Of course, she will not speak to me. We cannot discuss this, I cannot quell her pain and her feelings of abandonment. I cannot tell her that I would lie under a train if I could get her here to watch her son and sit together as a family and smile and laugh at him as he dances around on stage. In my mind, I can see her smiling at me slyly and covering her mouth as she stifles back tears because she is so proud. I can see her scooping him up and squeezing him until he squeals. In my mind I see how amazing this night should be. 

But she will not talk to me. I have asked my mother to have her call me so we can make a plan in case she gets overwhelmed. I suspect she is plotting revenge on me and my husband as she has before. She wants to lash out and she wants to hurt us. She says she will stay here and stay in her son's room and she won't speak to any of us. She has forgotten the logistics of getting her son to bed at the right time and brushing his teeth. Of reading him a story and gently reminding him to put his bad thoughts away and think of something happy. He is unable to do that while she is here. She wants to lock him in a room with her and forge a revenge on us. She does not see the impact this will have on him. 

She has forgotten the logistics of the tickets and the seats so close together and driving there because my mom is too scared to drive in the city. She will be overcome with guilt and remorse as she watches him dance on the stage wondering where she was while this was all being planned, wondering how come she didn't know until right at that moment he was to be a poppy.  She has forgotten how embarrassed he is at school functions of explaining who I am and who she is and how it all works. I think he has told people she is in the hospital so they will wonder how she got there.
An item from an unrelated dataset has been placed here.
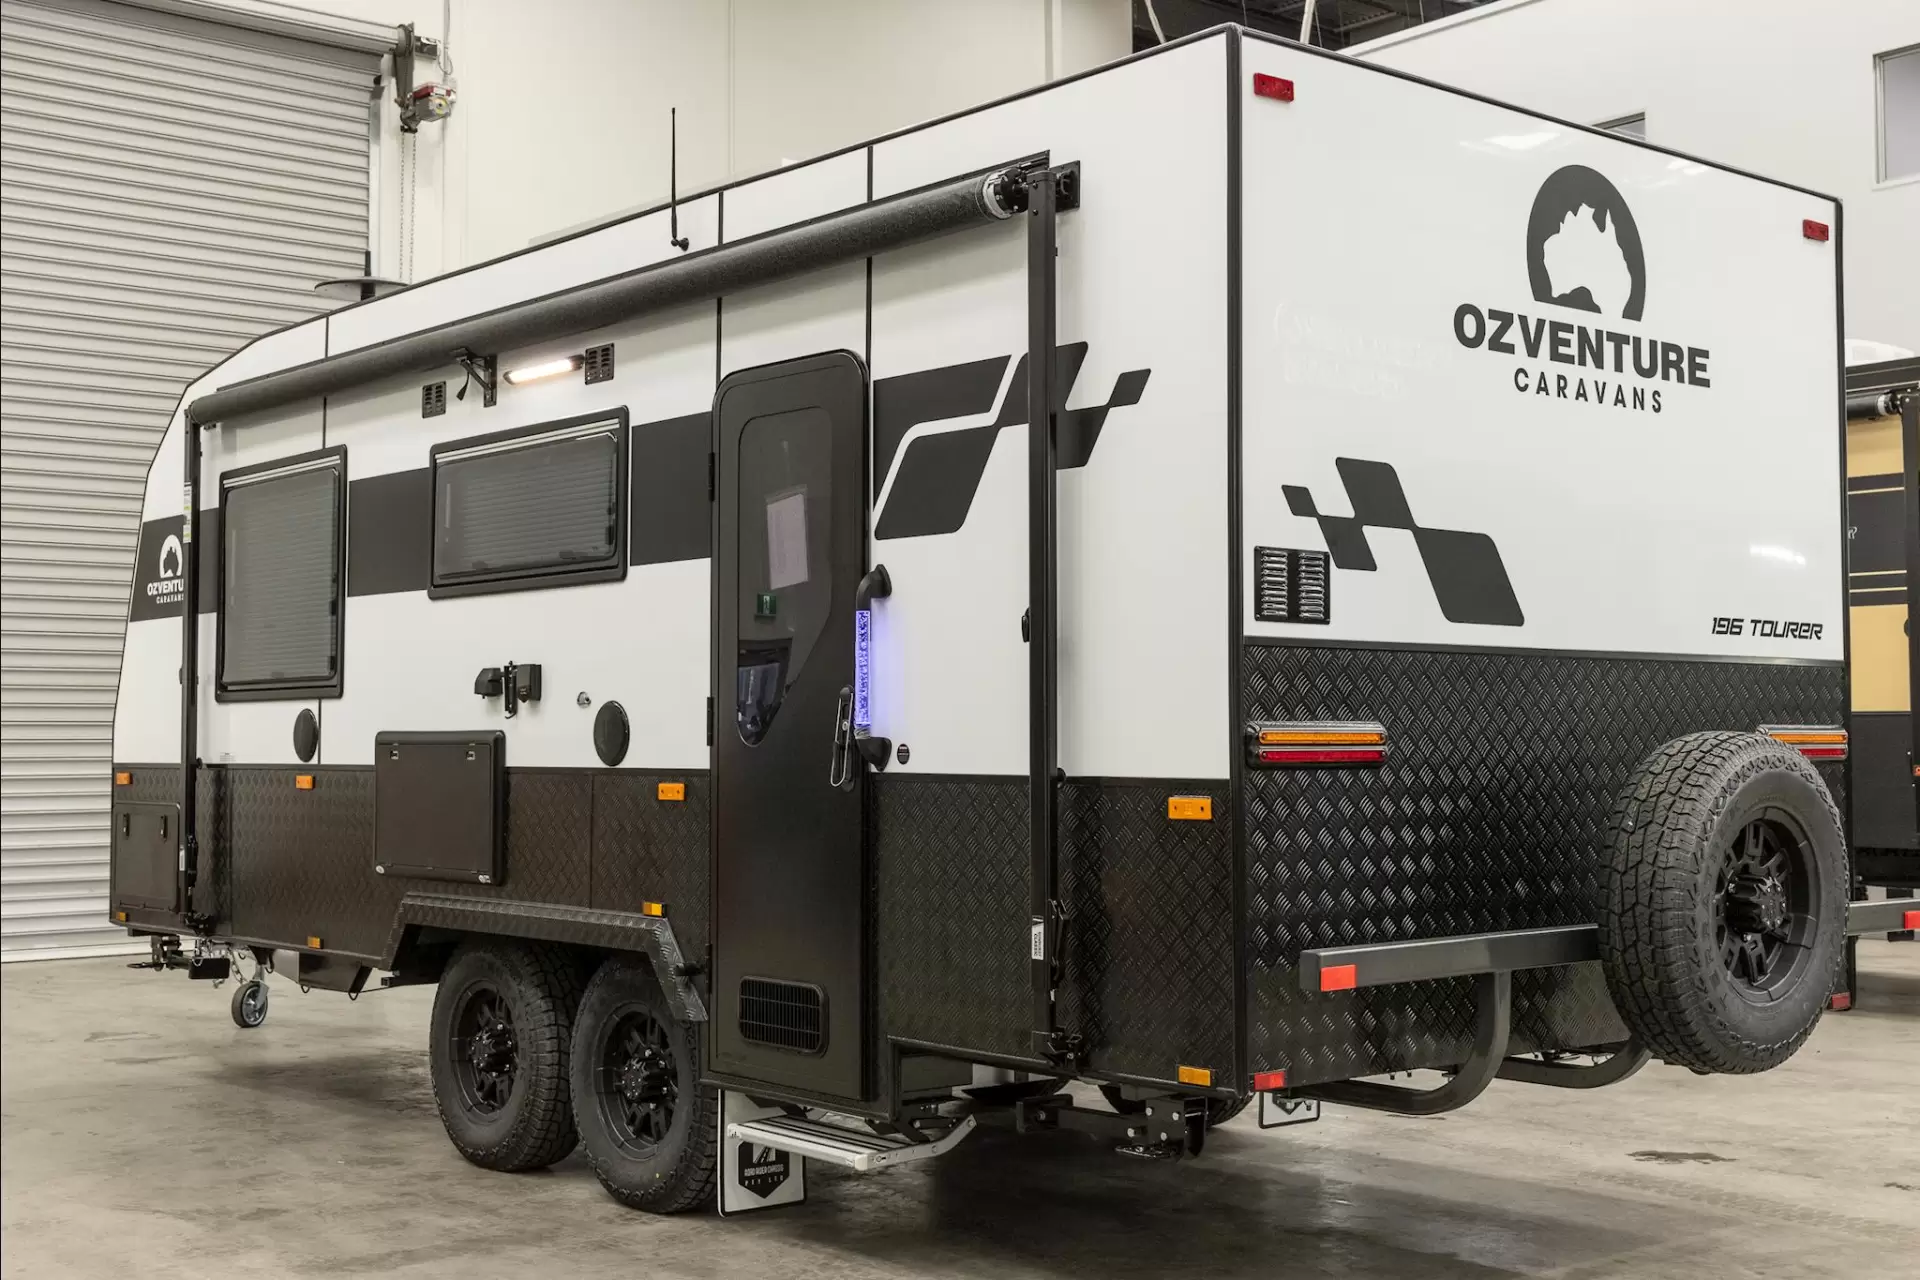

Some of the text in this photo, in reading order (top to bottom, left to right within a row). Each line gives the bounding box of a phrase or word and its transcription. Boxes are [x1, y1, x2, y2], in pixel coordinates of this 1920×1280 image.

Her demeanor is so reckless and unforgiving. She is loud and rude and aggressive. I want to believe that she could attend his play and be grateful for the moment, that she could store the memory in her mind to recall when she was falling, that it would motivate her and keep her strong in rehab. 
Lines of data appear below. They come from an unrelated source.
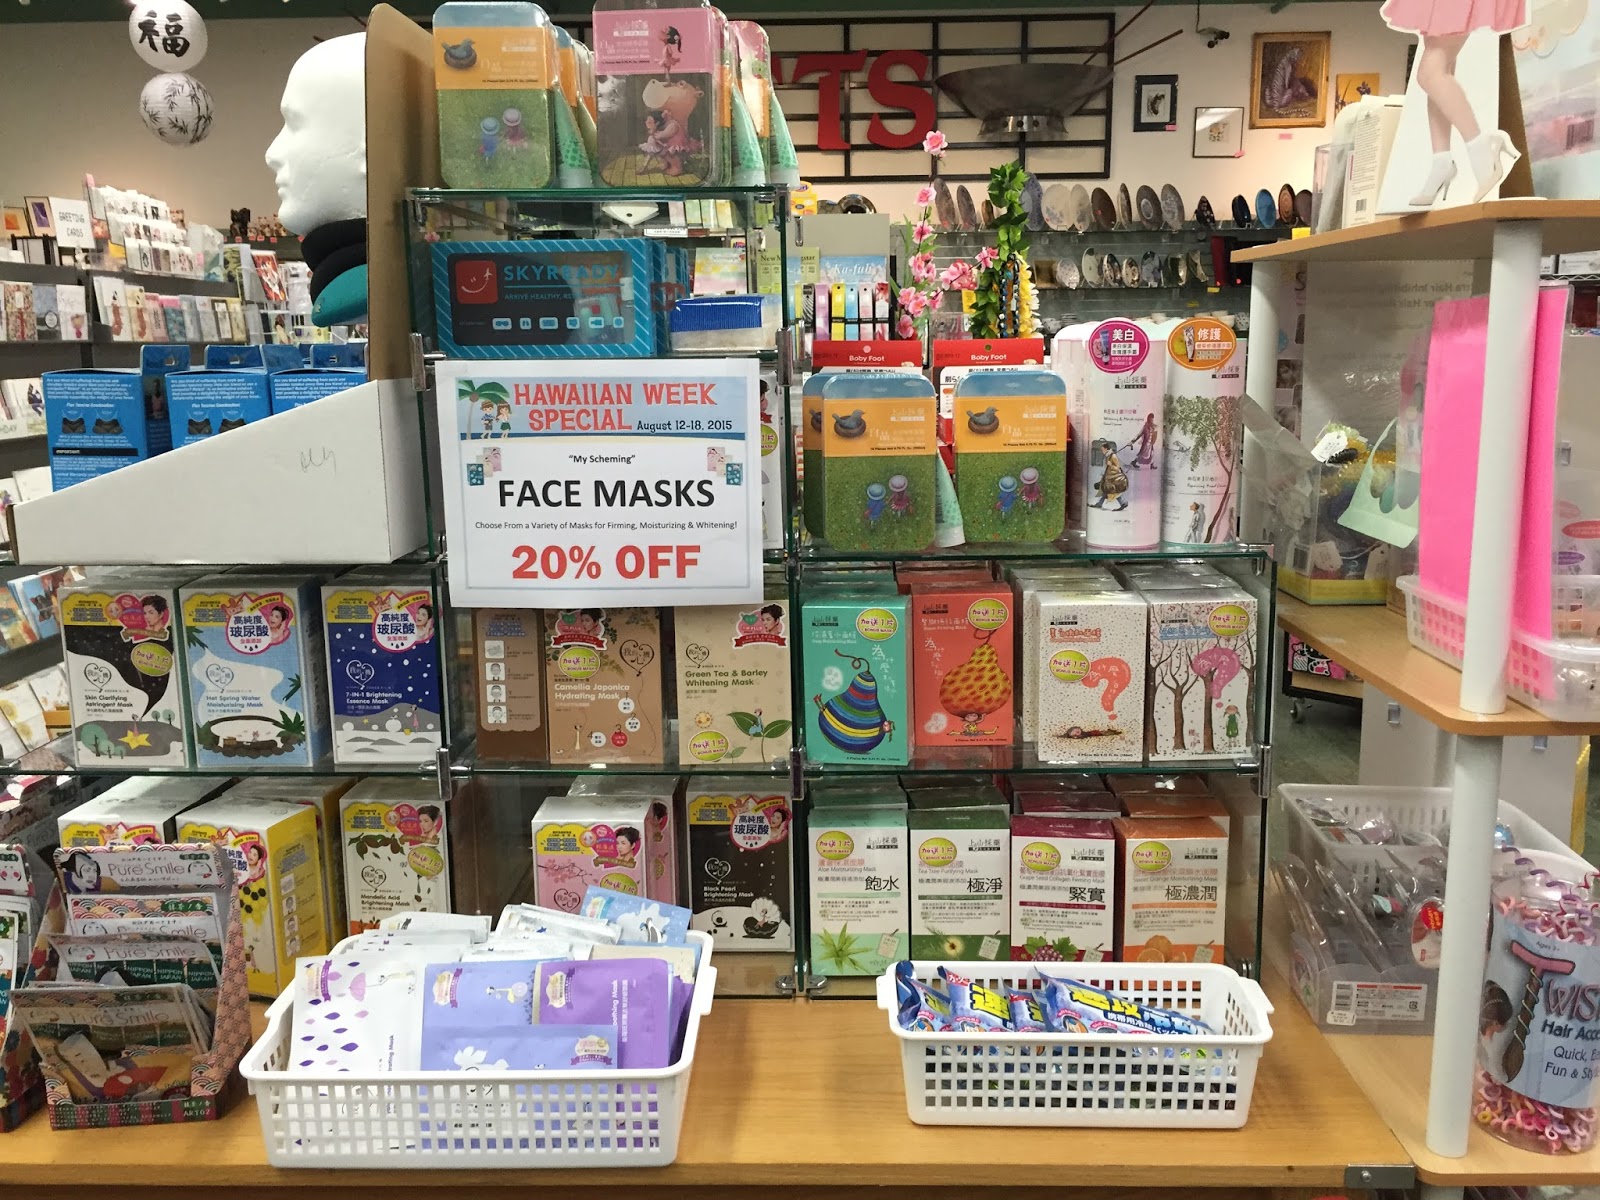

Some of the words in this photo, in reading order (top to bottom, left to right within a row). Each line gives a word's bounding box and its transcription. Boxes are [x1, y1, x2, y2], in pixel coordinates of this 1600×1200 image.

[138, 10, 190, 57] 福
[771, 49, 936, 149] TS
[761, 254, 776, 262] New
[503, 264, 620, 281] SKYREADY
[834, 263, 872, 274] Ka-fuh
[1112, 328, 1135, 341] 美白
[1197, 328, 1221, 341] 修護
[849, 354, 867, 363] Baby
[971, 354, 989, 362] Baby
[513, 383, 632, 406] HAWAIIAN
[643, 383, 717, 405] WEEK
[528, 409, 632, 431] SPECIAL
[636, 420, 672, 433] August
[675, 419, 705, 431] 12-18,
[707, 420, 732, 430] 2015
[499, 480, 581, 507] FACE
[594, 480, 715, 507] MASKS
[475, 521, 502, 530] Choose
[504, 521, 524, 530] From
[531, 521, 558, 531] Variety
[559, 521, 568, 530] of
[569, 521, 593, 530] Masks
[594, 521, 606, 530] for
[607, 521, 637, 532] Firming,
[640, 521, 686, 532] Moisturizing
[688, 521, 694, 530] &
[696, 521, 737, 530] Whitening!
[512, 545, 602, 580] 20%
[616, 545, 701, 580] OFF
[233, 615, 263, 625] 高純度
[381, 613, 410, 622] 高純度
[229, 625, 269, 638] 玻尿酸
[377, 623, 415, 635] 玻尿酸
[685, 670, 711, 678] Green
[741, 669, 768, 678] Barley
[554, 683, 591, 691] Camellia
[592, 683, 630, 692] Japonica
[685, 679, 729, 687] Whitening
[555, 692, 595, 701] Hydrating
[598, 692, 620, 700] Mask
[739, 815, 765, 823] 高純度
[734, 824, 769, 835] 玻尿酸
[108, 863, 144, 877] Pure
[145, 862, 185, 875] Smile
[865, 875, 900, 891] 飽水
[967, 877, 1003, 893] 極淨
[1170, 875, 1202, 883] Moisturizing
[1069, 887, 1106, 903] 緊實
[1165, 884, 1217, 901] 極濃潤
[159, 925, 207, 937] Smile
[1536, 941, 1551, 950] Ages
[104, 947, 146, 960] Pure
[149, 945, 197, 957] Smile
[116, 1010, 169, 1025] Smile
[1541, 1019, 1574, 1038] Hair
[1553, 1045, 1588, 1062] Quick,
[1544, 1062, 1567, 1077] Fun
[1570, 1068, 1579, 1079] &
But I fear that the opposite will happen. 

I just fear.

Every day.

And so I spoke with my mother yesterday and we decided it was best to stay with the original plan and not have her come here and set her up for failure. My mother will try to discuss with her what she is feeling and how we can make this play happen without overwhelming her and hurting her. My husband and I have agreed not to go so that she can be there if that works better. I will do that for her even though it kills me to not be there for my nephew. I want him to have her anyway he can. I want her to see his little face poking out of his poppy costume. I want it to heal her some, just a little. Please, oh pretty please?
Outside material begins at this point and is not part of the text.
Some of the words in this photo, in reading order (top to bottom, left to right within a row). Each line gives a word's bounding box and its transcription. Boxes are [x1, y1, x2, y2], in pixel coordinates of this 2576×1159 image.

But perhaps, she will just drive into town the next day and go straight to rehab, do not pass go, do not kiss the little boy in the Poppy costume. 

God, I miss her today.




Saturday, February 14, 2009

Sins of the Sister

The picture I have on this blog is a picture of my wedding day - a year and a half ago. I love this picture of me and my sister almost as much as I hate it. Her wedding was to be a month before mine. At first she was mad at me for planning my wedding so close to hers. I had stolen her thunder. I was surprised at her reaction but when I thought about it I realized it could be taken that way. When I first decided to get married so close to her date it was because I wanted to share the experience with her - I wanted to go to bridal fairs and try on dresses together. I wanted to introduce her and her new husband at my wedding and have them walk down the aisle with us in their new glowing commitment of one another. That was what I was thinking, and when she finally told me her complaints about it, I realized I had never thought about it from that perspective. I did not think of how she would feel because I had already decided how awesome it would be in MY Head. 

We got through that and indeed it became a constant calling on each other to make decisions and wrap ribbon around candles and fill the gift bags. We were having two entirely different weddings. It was so cool to see it - our unique personalities coming out but influenced by each other. She let me buy her dress and it needed some tweaking so I did the alteration as well. I was so proud to be such a huge part of it. Her In-Laws were difficult and so were mine so we held each others hands and counted to 10 whenever we needed to. I have never seen my mother so happy as when she was planning her daughters' weddings. It is my second marriage and I told her once that I would never do it again because my heart had been so broken and here I was completely head over heels planning a life with a man my mother ADORED. But she also ADORED my sister's fiance - we all did. They were our best friends. Here's where I start to lose my composure. Here's where my heart breaks and I feel like I need to confess my own sins, my own contribution to her demise.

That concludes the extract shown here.